Output the listing verbatim, leaving out every picture.
========
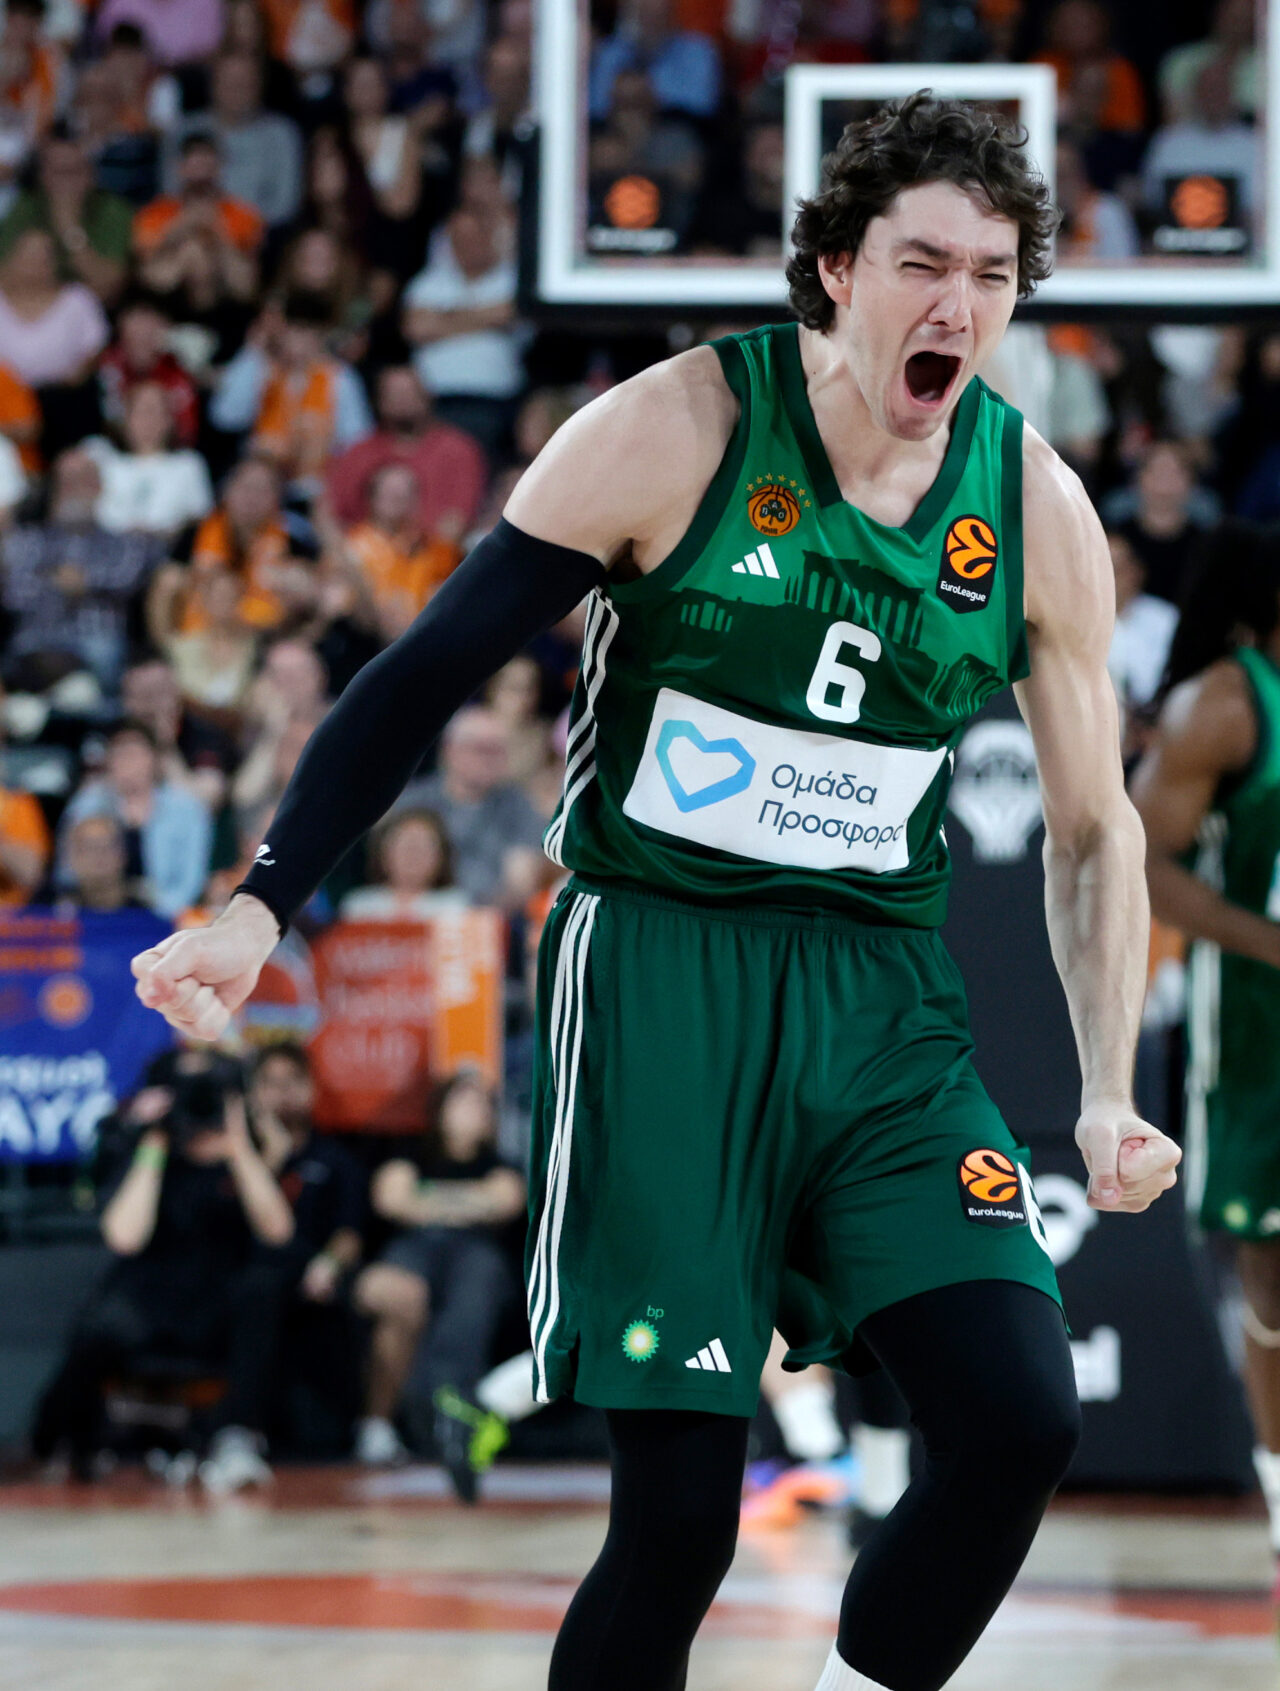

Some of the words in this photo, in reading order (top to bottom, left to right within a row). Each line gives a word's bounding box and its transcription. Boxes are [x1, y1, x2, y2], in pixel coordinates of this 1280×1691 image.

[940, 581, 986, 602] EuroLeague
[806, 621, 882, 724] 6
[771, 764, 877, 805] Ομάδα
[968, 1207, 1024, 1220] EuroLeague
[647, 1304, 665, 1321] bp
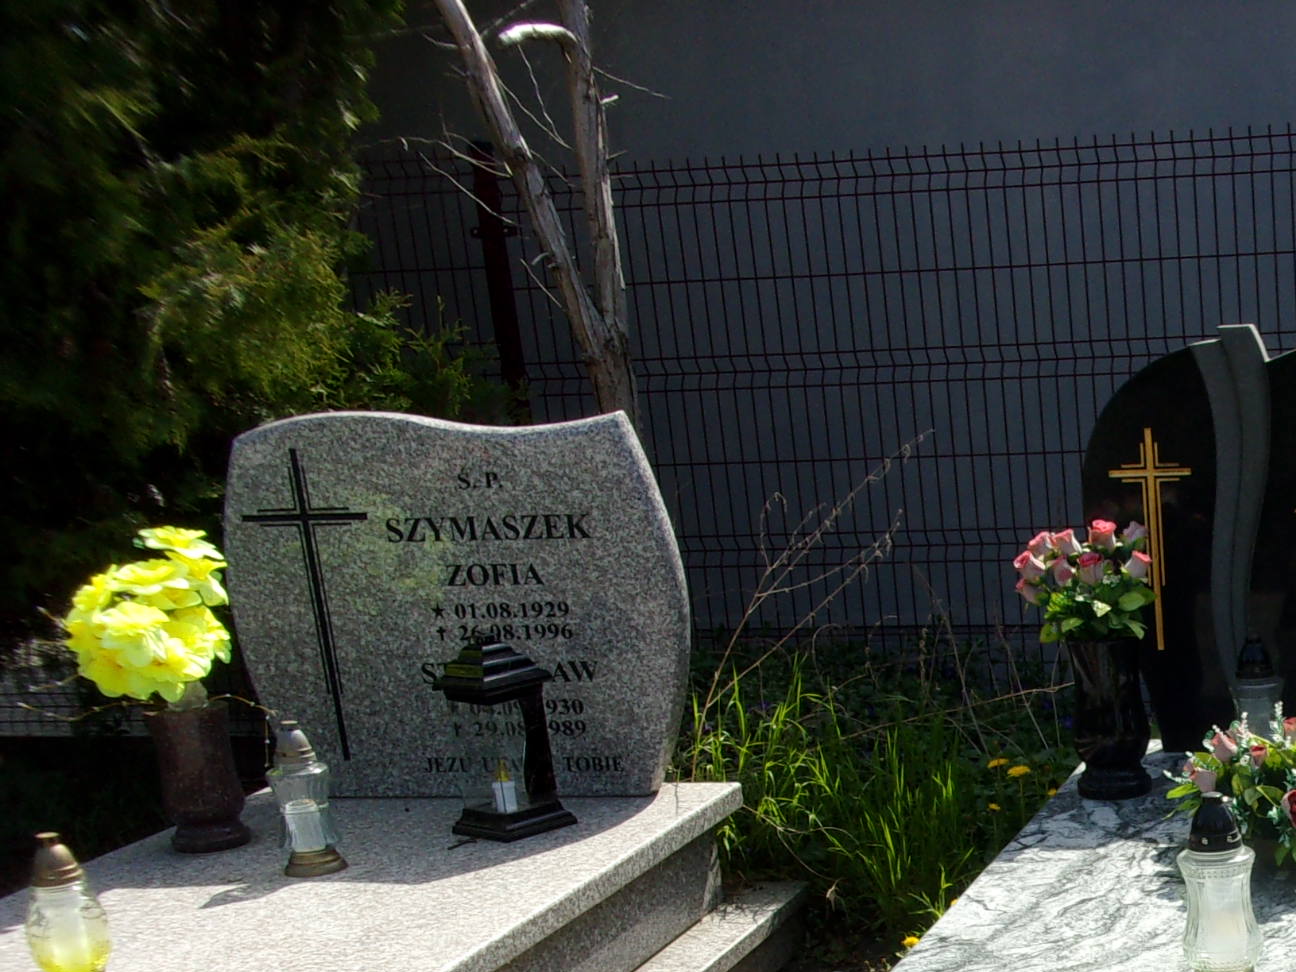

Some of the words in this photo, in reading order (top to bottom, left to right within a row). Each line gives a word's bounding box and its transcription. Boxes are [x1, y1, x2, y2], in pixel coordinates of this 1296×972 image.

[485, 471, 503, 489] P.
[385, 512, 593, 543] SZYMASZEK
[446, 562, 545, 587] ZOFIA
[454, 601, 570, 619] 01.08.1929
[458, 623, 574, 640] 2608.1996
[425, 757, 470, 773] JEZU
[562, 756, 625, 773] TOBIE
========
### Solution for this problem
Some of the words in this photo, in reading order (top to bottom, left to right within a row). Each line gives a word's bounding box and its transcription. Boxes are [x1, y1, x2, y2], in pixel coordinates of this 1280×1691 image.

[940, 581, 986, 602] EuroLeague
[806, 621, 882, 724] 6
[771, 764, 877, 805] Ομάδα
[968, 1207, 1024, 1220] EuroLeague
[647, 1304, 665, 1321] bp

Some of the words in this photo, in reading order (top to bottom, left to right within a row). Each line gives a word's bounding box and its transcription. Boxes are [x1, y1, x2, y2], in pixel coordinates of this 1296×972 image.

[485, 471, 503, 489] P.
[385, 512, 593, 543] SZYMASZEK
[446, 562, 545, 587] ZOFIA
[454, 601, 570, 619] 01.08.1929
[458, 623, 574, 640] 2608.1996
[425, 757, 470, 773] JEZU
[562, 756, 625, 773] TOBIE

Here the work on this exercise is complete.